Usina de dessalinização na Praia do Futuro obtém licença de instalação após anos de atrasos

A usina de dessalinização prevista para a Praia do Futuro, em Fortaleza, deu um passo importante para sair do papel. O projeto, conduzido pela Companhia de Água e Esgoto do Ceará (Cagece), obteve da Superintendência Estadual do Meio Ambiente (Semace) a licença de instalação, documento que autoriza o início das obras. A expectativa é que os trabalhos comecem ainda em 2025, com conclusão prevista em até dois anos.

Licença aprovada após polêmicas sobre cabos submarinos

O projeto enfrentou forte oposição desde sua concepção. Empresas de telecomunicações questionaram a localização inicial da usina, afirmando que a proximidade com cabos submarinos de fibra óptica poderia colocar em risco a internet do Brasil e da América Latina. Esses cabos, que chegam à Praia do Futuro e se conectam ao restante do país, são responsáveis por 99% do tráfego de dados.

Após meses de debates, o Governo do Ceará cedeu e autorizou a mudança do local da instalação. A usina permanece na Praia do Futuro, mas agora a mais de mil metros do ponto previsto originalmente, afastando o risco de impacto aos cabos. A realocação também inclui a estrutura de captação de água do mar.

Com a licença ambiental emitida pela Semace, o próximo passo será a obtenção do alvará de construção junto à Prefeitura de Fortaleza e a aprovação do projeto de canteiro de obras. Como a faixa de areia é de domínio da União, a Cagece também precisa da autorização da Secretaria de Patrimônio da União (SPU) para instalação dos dutos.

Estrutura e funcionamento da usina

A usina terá capacidade de produzir 1 metro cúbico de água por segundo — o equivalente a mil litros potáveis por segundo. O processo será feito por osmose reversa, tecnologia que separa o sal da água por meio de pressão sobre membranas filtrantes.

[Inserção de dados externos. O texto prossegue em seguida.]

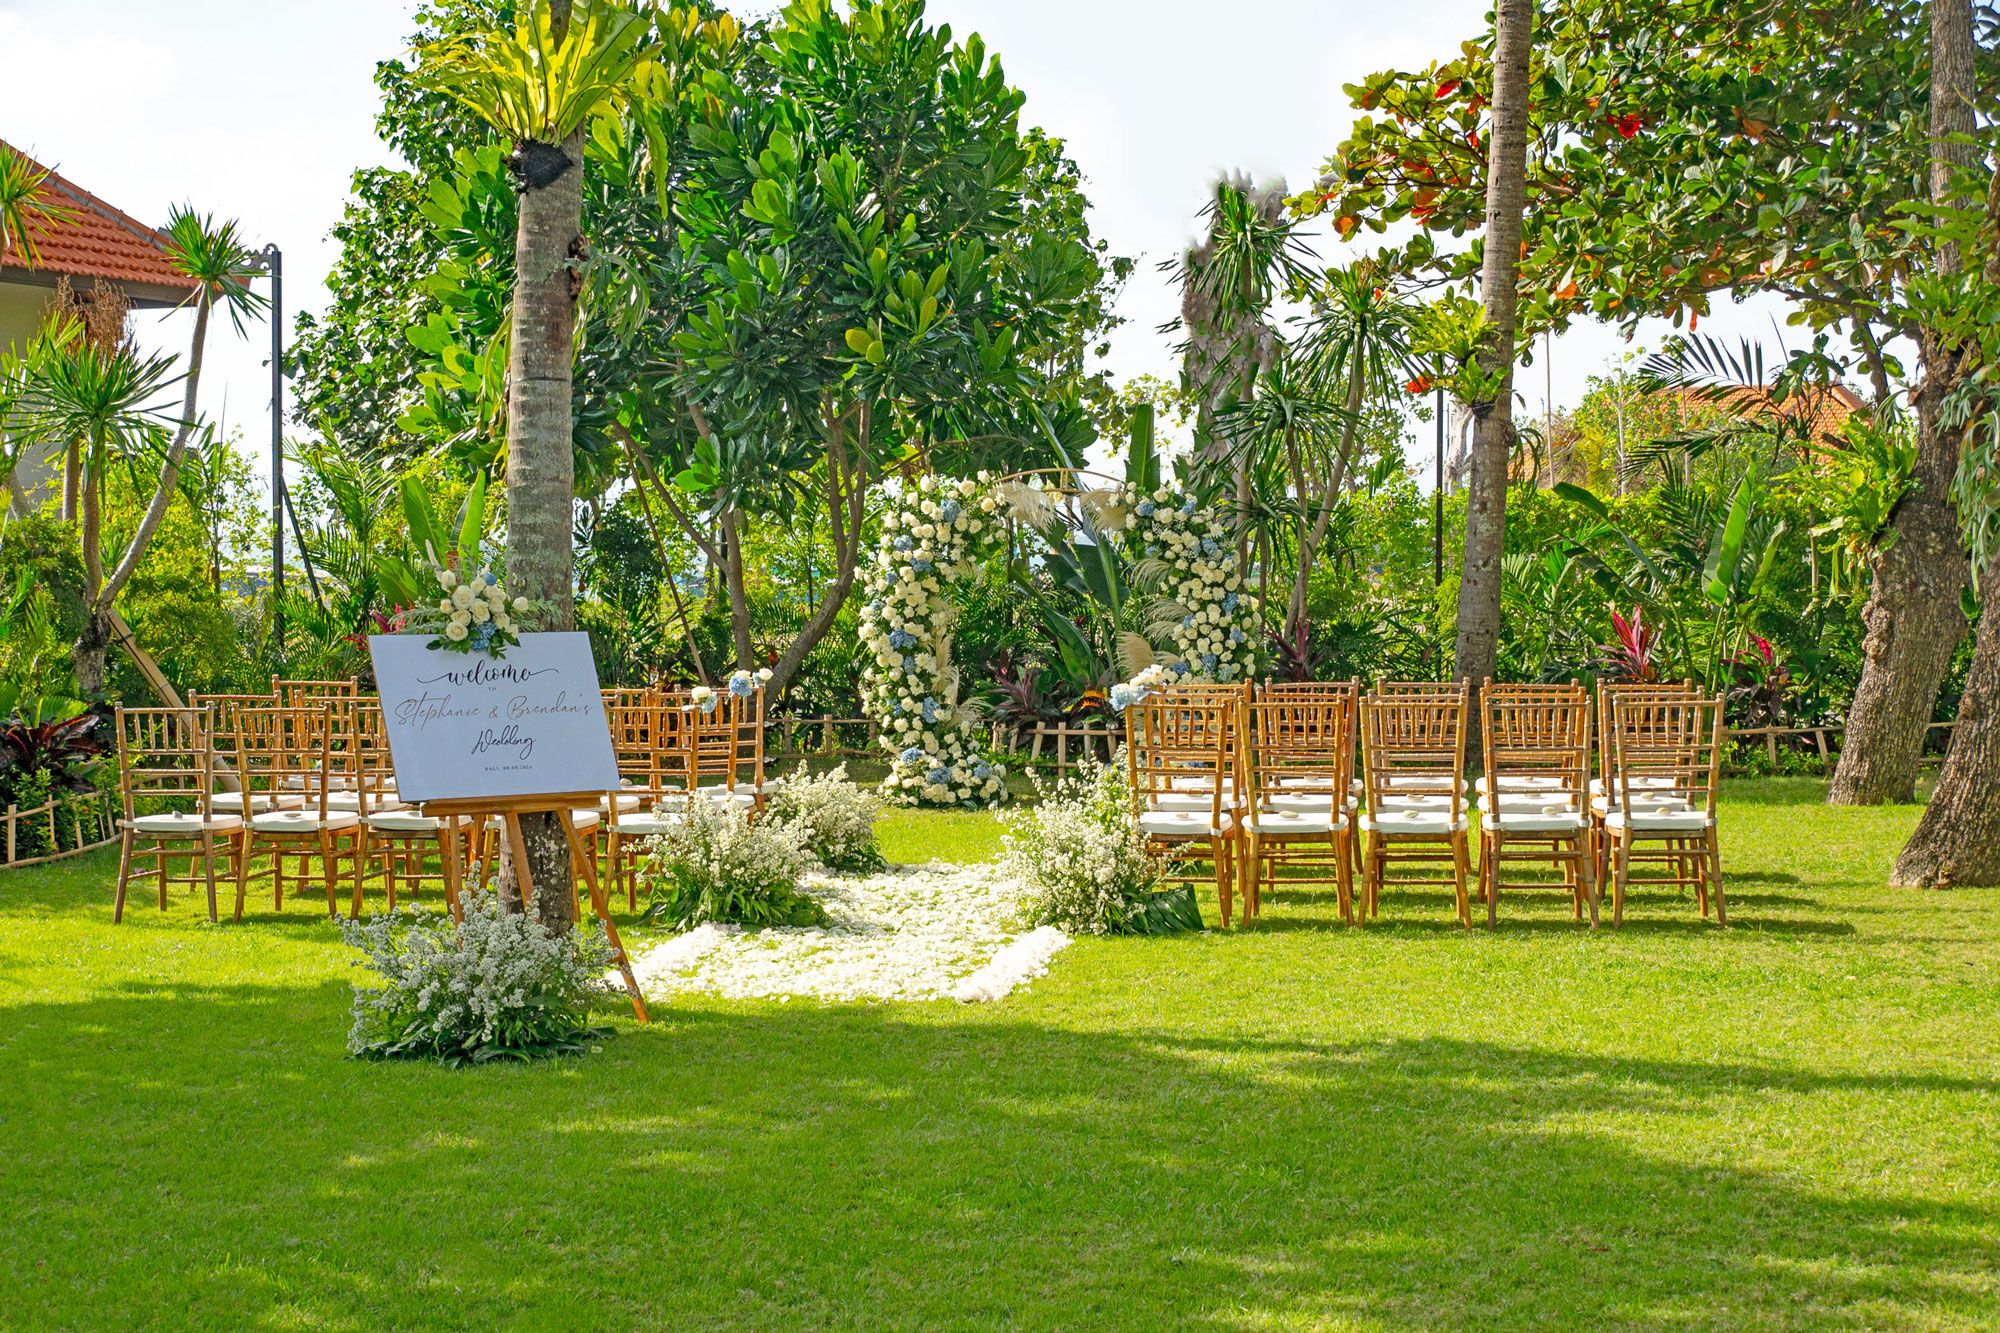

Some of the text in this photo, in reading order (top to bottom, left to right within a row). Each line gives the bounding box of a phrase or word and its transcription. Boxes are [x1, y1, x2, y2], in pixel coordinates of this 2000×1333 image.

[417, 660, 559, 686] welcome
[394, 691, 593, 730] Stephanie & Brendan's
[471, 725, 536, 760] Wedding

O ciclo passa por três etapas principais:

  • Pré-tratamento, no qual a água é filtrada antes do processo;

  • Osmose reversa, quando ocorre a separação do sal;

  • Pós-tratamento, em que a água recebe flúor, minerais e desinfecção, ficando própria para o consumo humano.

De cada 2,3 mil litros de água captada no mar, mil litros se tornam potáveis ao fim do processo. A água tratada será encaminhada aos sistemas de abastecimento da Cagece, reforçando a segurança hídrica da Região Metropolitana de Fortaleza.

Investimento e impacto esperado

O projeto será executado por meio de uma parceria público-privada com o consórcio SPE Águas de Fortaleza, que prevê investimento de R$ 3,2 bilhões.

Anunciada inicialmente em 2017, a usina sofreu uma série de atrasos. A expectativa é que, com a licença de instalação finalmente aprovada, Fortaleza avance em direção a uma solução estratégica contra os efeitos da escassez hídrica e do aumento da demanda por água potável.